To center the widget in the page, replace the <body> tag with <body class="_widget-auto-layout">.

Email templates

To modify emails the end-user receives, customize an email template using the Liquid template language and template variables. To learn more, read Customize Email Templates.

The following email templates can be further customized for organizations:

  • Welcome: Received by the end-user once they verify their email address or, if email verification is disabled, when they sign up (or log in for the first time).

  • Password Change: Received by the end-user when they request a password change. Contains a link that redirects them to the Password Reset page.

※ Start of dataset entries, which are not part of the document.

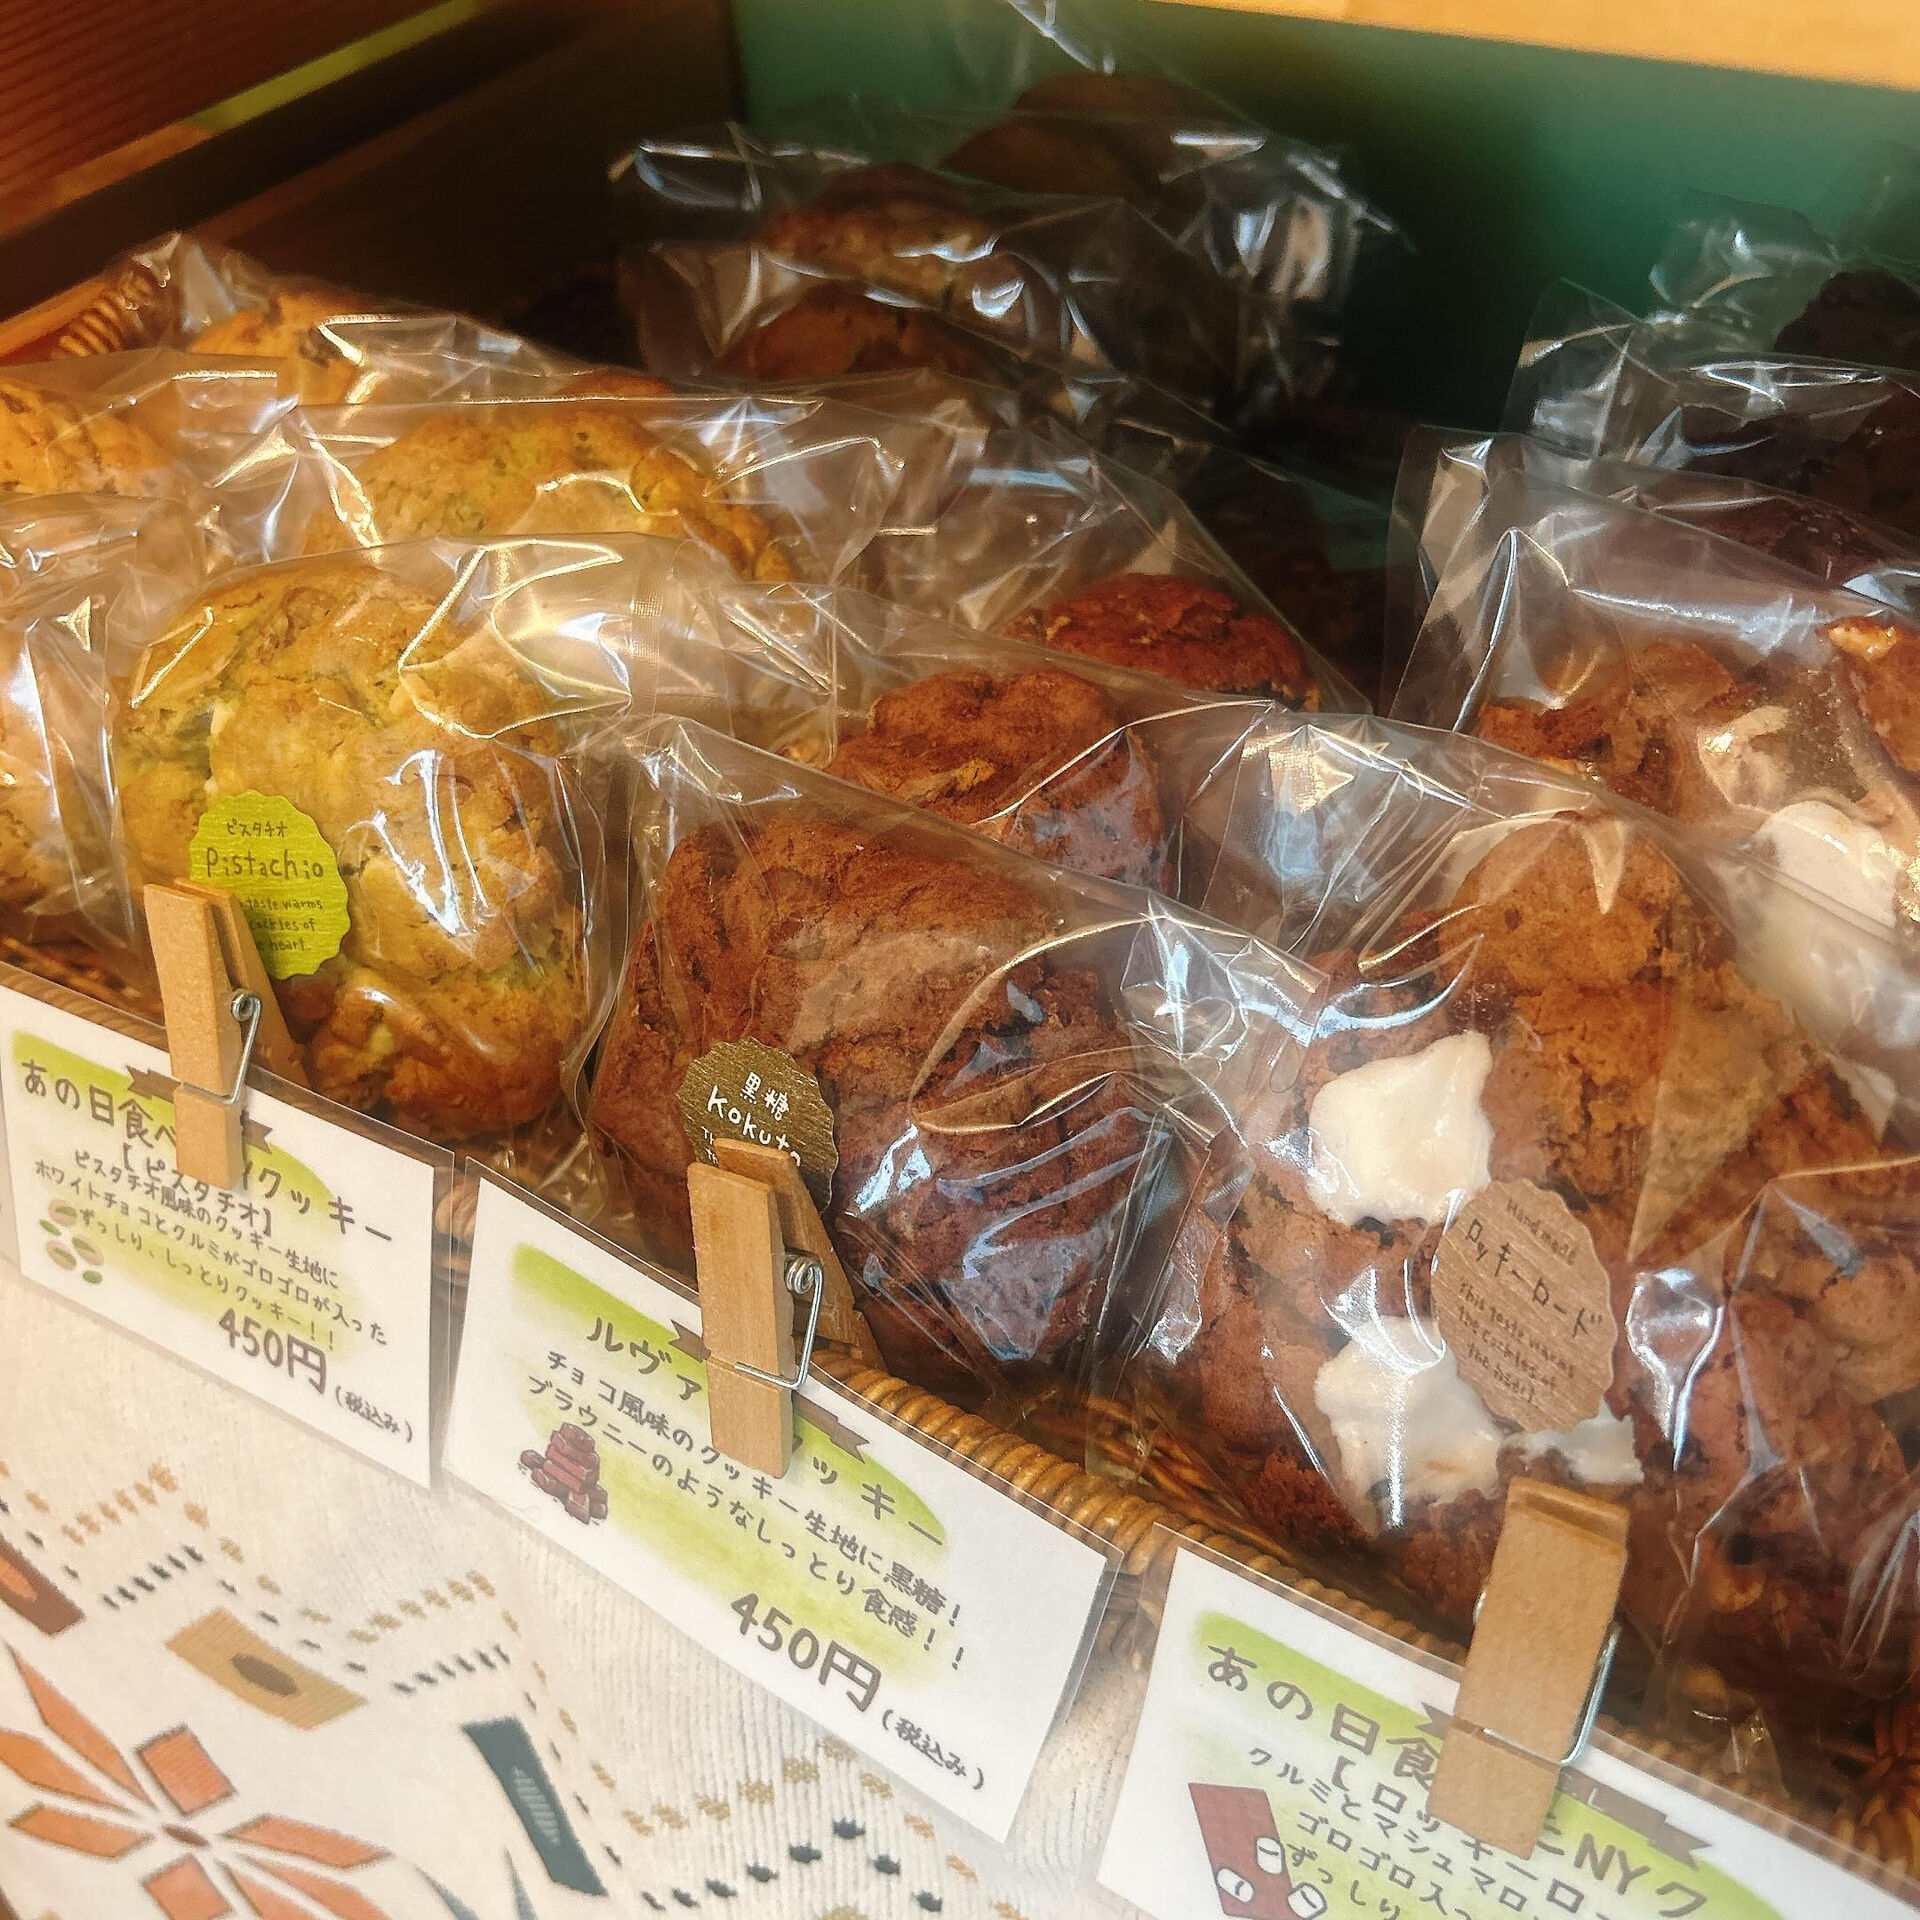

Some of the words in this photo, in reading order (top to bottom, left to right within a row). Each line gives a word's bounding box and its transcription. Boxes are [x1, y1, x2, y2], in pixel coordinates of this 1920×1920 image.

[206, 847, 324, 880] Pistachio
[227, 818, 288, 836] ピスタチオ
[22, 1059, 393, 1243] あの日食べクッキー
[739, 1071, 790, 1121] 黒糖
[74, 1151, 340, 1289] ピスタチオ風味のクッキー生地に
[217, 1307, 328, 1395] 450円
[546, 1351, 962, 1627] チョコ風味のクッキー生地に黒糖！
[586, 1317, 943, 1546] ルヴァッキー
[528, 1376, 964, 1671] ブラウニーのようなしっとり食感！！
[730, 1593, 882, 1711] 450円
[1206, 1643, 1709, 1918] あの日食NYク

  • Invite User: Received by the end-user when they are invited to an organization. Contains a link that redirects them to your configured default login route. To learn more, read Invite Organization Members.

Template variables

Page and email templates may access a set of context variables that you can use to impact how the template is rendered.

For lists of available variables, read Universal Login Page Templates for page template variables and Customize Email Templates for common email template variables.

Additional variables are available to the page template when a user logs in through an organization:

  • organization.id

  • organization.display_name

  • organization.name

  • organization.metadata

  • organization.branding.logo_url

  • organization.branding.colors.primary

  • organization.branding.colors.page_background

Configure organization membership

Each organization has its own associated members, which represent the users who can access your applications by logging in through the organization’s configured login page.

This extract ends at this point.